I had heard Mei-ling Manchu’s father Dr. Fu Manchu had done experimentation on resurrecting dead plants in order to bring his beloved Blue Willow tree back to life after it died (the same tree under which he made out with Mei-ling’s mother the night Mei-ling was conceived).

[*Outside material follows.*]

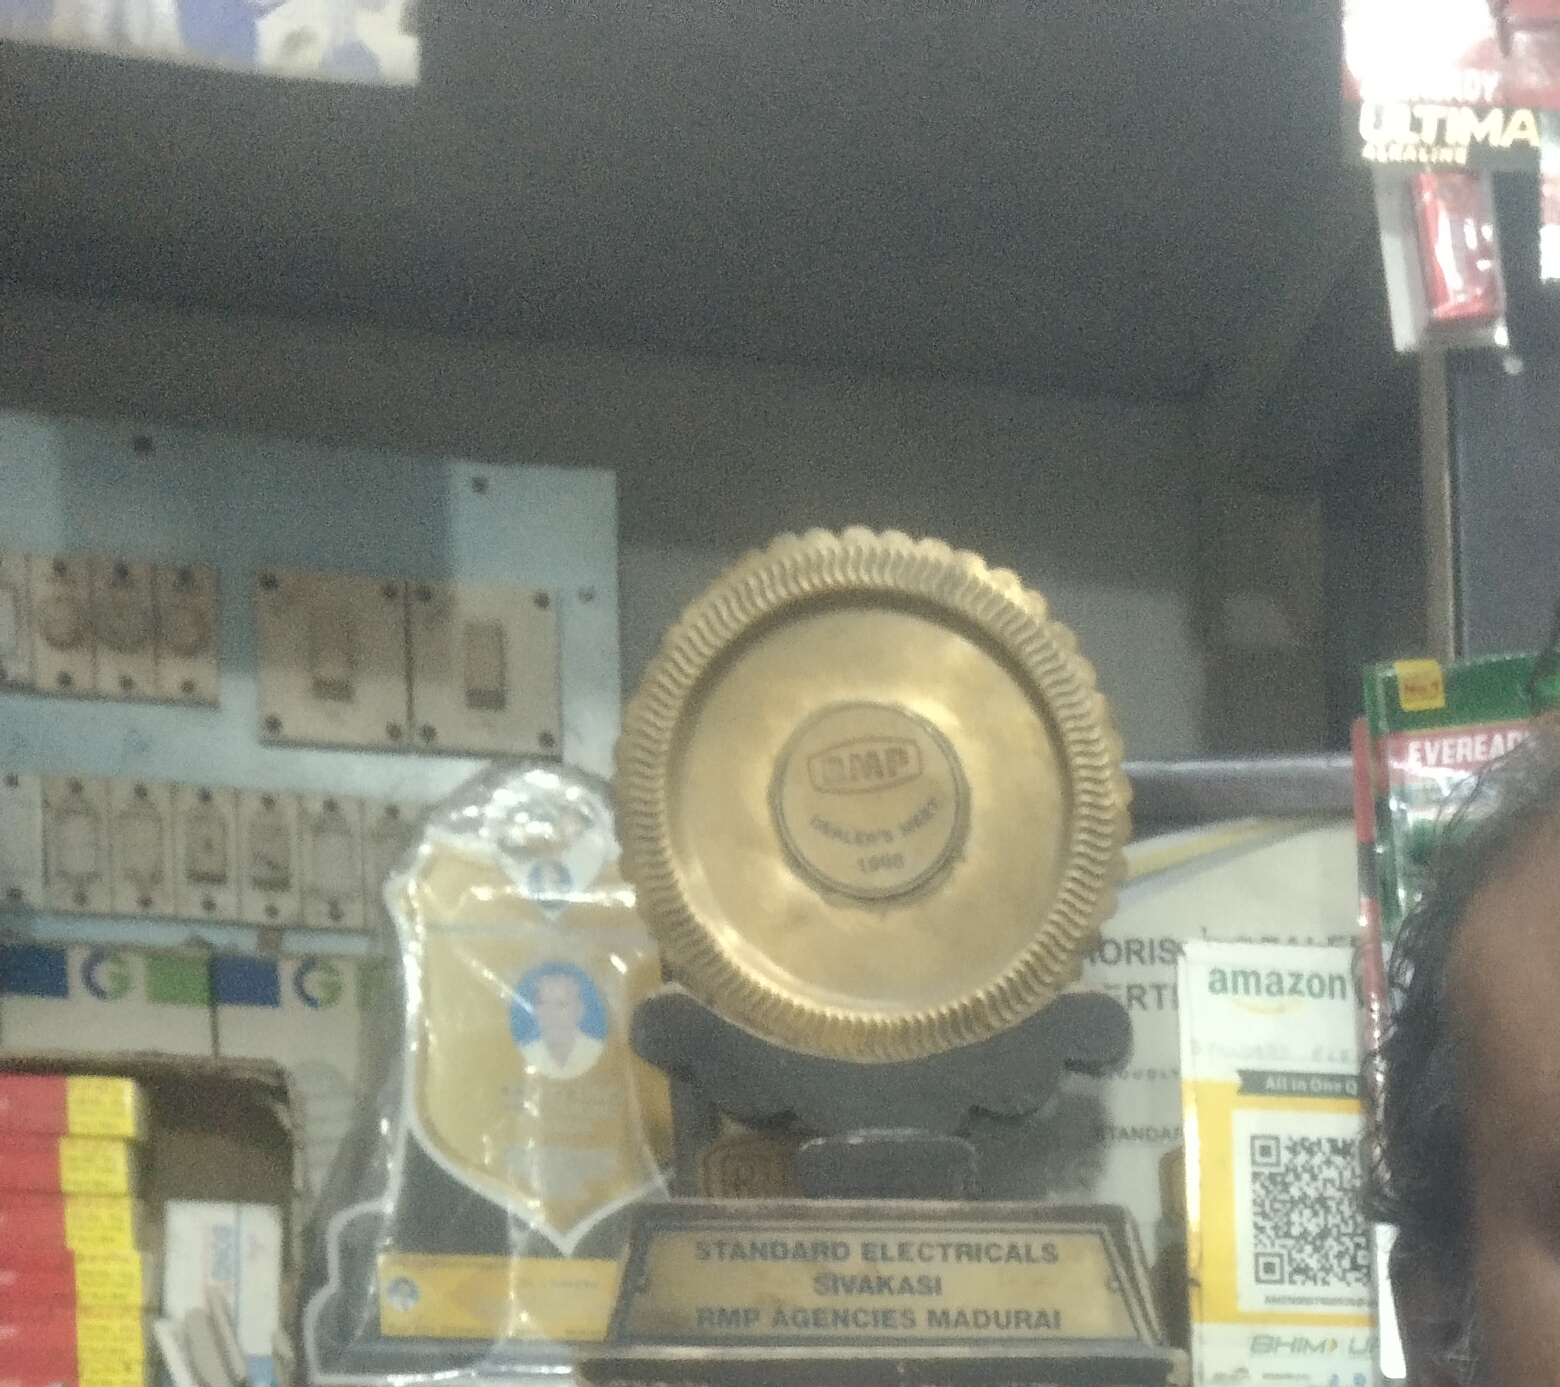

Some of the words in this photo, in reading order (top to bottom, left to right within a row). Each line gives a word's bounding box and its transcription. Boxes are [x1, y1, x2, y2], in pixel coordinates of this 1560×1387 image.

Fu was unable with those experiments back in the 1920s and 30s to succeed but maybe the science has advanced and evolved since then.
David Redpath said,
November 22, 2019 at 11:22 pm
According to our Chinese defector,
code named Wang Ho, there is an
ongoing project to propagate a Red
cannabis exhaling cactus. Apparently
for the purpose keeping the Central
Committee compliant, as an aid in
Uyghur re-education, and the odd
Presidential private May Day fling. .
Wang Ho has stated that when
Strawberry Fields Forever, under
extreme torture, refused to be
“turned’, he boldly told his captures,
“Better dead than red!”
I’m sure this information will be of
great comfort to the Cacti Twins.
David Redpath said,
November 22, 2019 at 11:32 pm
I just checked in with Mr. Inn Lu, who
is keeping the defector Wang Ho at
one of his fine Sydney establishments,
and he reports that Wang Ho is
“ripping it up like Wang Chung tonight!”.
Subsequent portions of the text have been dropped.